As you might have guessed though, my curiosity about the concept has nothing to do with seafood. The mere title started forming new, unorthodox neural connections in my food-obsessed brain. What if we replaced the fishes with… Knishes?
Now that’s something I can make sense of. Call it a Jewish hand pie, empanada, baked bao, kolache, or breakfast pastry; none are too far off the mark. Typically stuffed with mashed potatoes or toasted buckwheat, it’s humble fare with universal appeal. One knish could be a substantial snack, while two make a hearty meal. Three knishes might be somewhat extravagant, but seven? Seven would definitely constitute a feast.
Thus, I present to you a new holiday tradition: The Feast of Seven Knishes!
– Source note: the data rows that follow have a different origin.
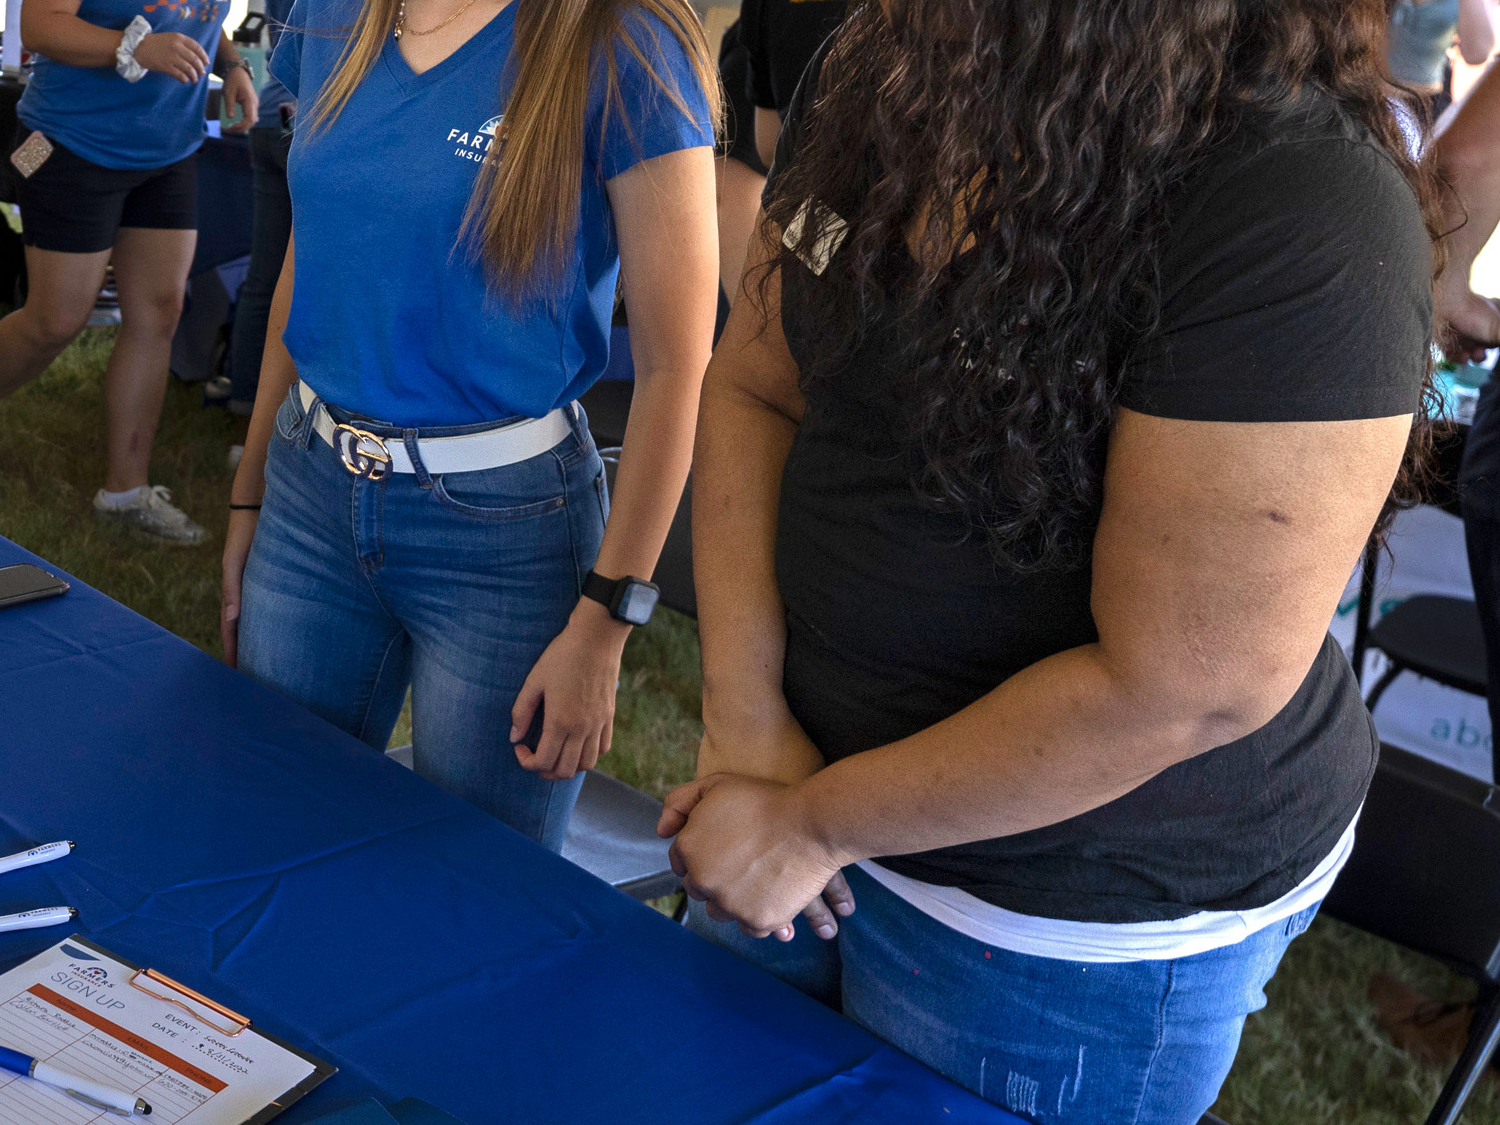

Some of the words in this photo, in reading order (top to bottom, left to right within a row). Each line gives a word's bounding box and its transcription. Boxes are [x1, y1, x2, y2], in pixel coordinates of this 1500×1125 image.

[68, 962, 115, 989] FARMERS
[70, 970, 102, 988] INSURANCE
[50, 971, 98, 998] SIGN
[95, 994, 126, 1010] UP
[152, 1022, 179, 1039] DATE
Stemming from a single master mashed potato filling, it may be a bit time-consuming to complete, but not complicated. Traditional inclusions are typically very simple, humble ingredients, so I tried to stay true to the art with a few of the basics.
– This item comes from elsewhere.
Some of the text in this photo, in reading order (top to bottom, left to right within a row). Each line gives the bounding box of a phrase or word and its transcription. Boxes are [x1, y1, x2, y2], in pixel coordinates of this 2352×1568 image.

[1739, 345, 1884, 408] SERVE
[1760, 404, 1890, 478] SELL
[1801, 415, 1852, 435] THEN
Caramelized onions make everything delicious, so they’re a fool-proof way to get this party started. My secret ingredient is a pinch of baking soda to speed the process along. Sure, they get a bit softer that way, but texture isn’t so critical when they’re wrapped up in a crisp pastry shell anyway.
Spinach is also a classic all-seasons addition, adding a verdant vegetable into the mix, even if it’s just frozen and thawed. Such is the case here to make light work of the process, though you could certainly wilt down a fresh bundle if you had some handy. Likewise, kale, collards, swiss chard, or any other dark leafy greens would be right at home here, too.
It’s hard to beat the rich umami flavor of even plain button mushrooms, but a dab of truffle oil definitely bumps it up to the next level. Just a drop will do, lending volumes of bold, earthy, savory taste to every satisfying bite. You could omit the extra flourish in a pinch, though it’s well worth the investment, even for a small bottle.
Departing now from the beaten path of knish history, tender red beets brighten the next filling with a bright, rosy hue. Kissed with the woodsy notes of liquid smoke, it’s the kind of thing I’d gladly eat straight out of the mixing bowl. Look out, plain mashed potatoes; this one might just beat you to the table next time.
Inspired by another one of my favorite potato pastries, samosa spices enliven this curry-scented knish polka dotted with toothsome green peas. Truth be told, if you merely wrapped the dough differently and tossed them in the deep fryer, they’d be identical with the Indian appetizer. Now that’s fusion fare I can get behind.
Finally, defying the odds, and perhaps common sense, I couldn’t leave you without a sweet treat to end the meal on. Yes, you can have knishes for dessert, too! Buttery brown sugar batter riddled with gooey chocolate chips evokes the nostalgic flavors of cookie dough. Mini chips ensure equal distribution of the chocolatey goodness, though you could also chop up your favorite dark chocolate bar for a variety of different sized chunks.
No matter how you define a feast, or what your personal interpretation looks like, there should always be room on that table for at least one knish. If seven varieties is too grand for this unique season, feel free to multiply just one filling that strikes your fancy by seven. There’s no shame in loading up on only your favorite flavors. That could still be considered a plentiful feast, too.